John Kuhle said he opened an account and deposited $18,000 into it. The total in paychecks owed to employees is $6000. E-mails from his personal account that he forwarded to KOMU 8 mention the possibility of tax liens if the payroll is not taken care of as soon as possible. On Aug. 7 of this year, he had a tax lien filed for the taxable period of March 1 – 31 of 2015, owing $849.46.
He is also the CEO of Kuhles LLC, a domestic limited-liability company.
KOMU 8 tried contacting Sandy Kuhle for a statement multiple times but she never returned any phone calls.
Despite the back and forth, both John and Sandy Kuhle are listed as co-owners according to the Boone County Assessor’s office, thereby making both of them responsible for paying employees.
Just last week, employees did receive a bit of money they were owed. They got checks worth 58 percent of the first half of their paycheck were six days after the closure, but employees were skeptical to cash them.
“The checks didn’t have the business name on them and they could only be cashed at their bank,” Vorhees said. “I had to drive 30 minutes out of my way to cash it. My bank told me they were unable to cash it because the bank name on the check could not verify that money would be in the account at the time it was cashed.”
On Friday, Oct. 9, employees tried cashing the checks and they were unable to be cashed until they had help from a loan officer, Vorhees said.
So, what does the law say about employees and their pay at the closure of a business?
Looking at Missouri labor laws, section 290.110, RSMo, states:
“Whenever any person, firm or corporation doing business in this state shall discharge, with or without cause, or refuse to further employ any servant or employee thereof, the unpaid wages of the servant or employee then earned at the contract rate, without abatement or deduction, shall be and become due and payable on the day of the discharge or refusal to longer employ and the servant or employee may request in writing of his foreman or the keeper of his time to have the money due him, or a valid check therefor, sent to any station or office where a regular agent is kept; and if the money or a valid check therefor, does not reach the station or office within seven days from the date it is so requested, then as a penalty for such nonpayment the wages of the servant or employee shall continue from the date of the discharge or refusal to further employ, at the same rate until paid; provided, such wages shall not continue more than sixty days.”
Missouri Department of Labor spokeswoman Lauren Schad said if someone believes they are not being paid correctly, they could either complete a minimum wage complaint form online, contact the Division of Labor Standards at 573-751-3403 or send an email to the department.

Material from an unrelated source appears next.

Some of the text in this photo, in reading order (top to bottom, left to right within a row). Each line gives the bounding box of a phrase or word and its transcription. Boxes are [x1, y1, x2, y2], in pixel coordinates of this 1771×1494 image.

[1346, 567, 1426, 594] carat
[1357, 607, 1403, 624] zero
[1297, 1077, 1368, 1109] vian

“After the Division of Labor Standards receives a minimum wage complaint, the complaint is reviewed and assigned to an investigator to conduct an investigation. If the Division determines that back wages are owed to the employee, it may only calculate the back wages due based on the difference between the minimum wage rate, currently $7.65 per hour, and the wage rate actually paid,” Schad said. “The employee may still have a basis, such as an employment contract requiring payment at the higher wage rate, to pursue a private legal remedy on his/her own with regard to the remaining wages.”

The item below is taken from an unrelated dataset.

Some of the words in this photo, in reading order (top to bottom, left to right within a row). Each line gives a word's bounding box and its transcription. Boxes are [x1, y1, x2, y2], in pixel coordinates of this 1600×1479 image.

Price e-mailed a complaint to the Department of Labor and received a response stating since the business doors are closed, she would have to take the employer to court.
Since Kuhle’s Junction did not employ 100 or more workers, it was not required by law to inform employees of the closure.
“Everybody there has been affected by this brutally. We all have financial obligations that need to be met on a monthly basis and we are not able to meet those obligations. People’s electricity has been turned off, they can’t put gas in their car to get to job interviews, they are completely stuck without this money that they have earned,” said Kassy Wille, a college student at Central Methodist University and a former server at the restaurant. “When you’re dragged into the he-said-she-said there comes a point where you don’t care anymore. We just want the money we earned.”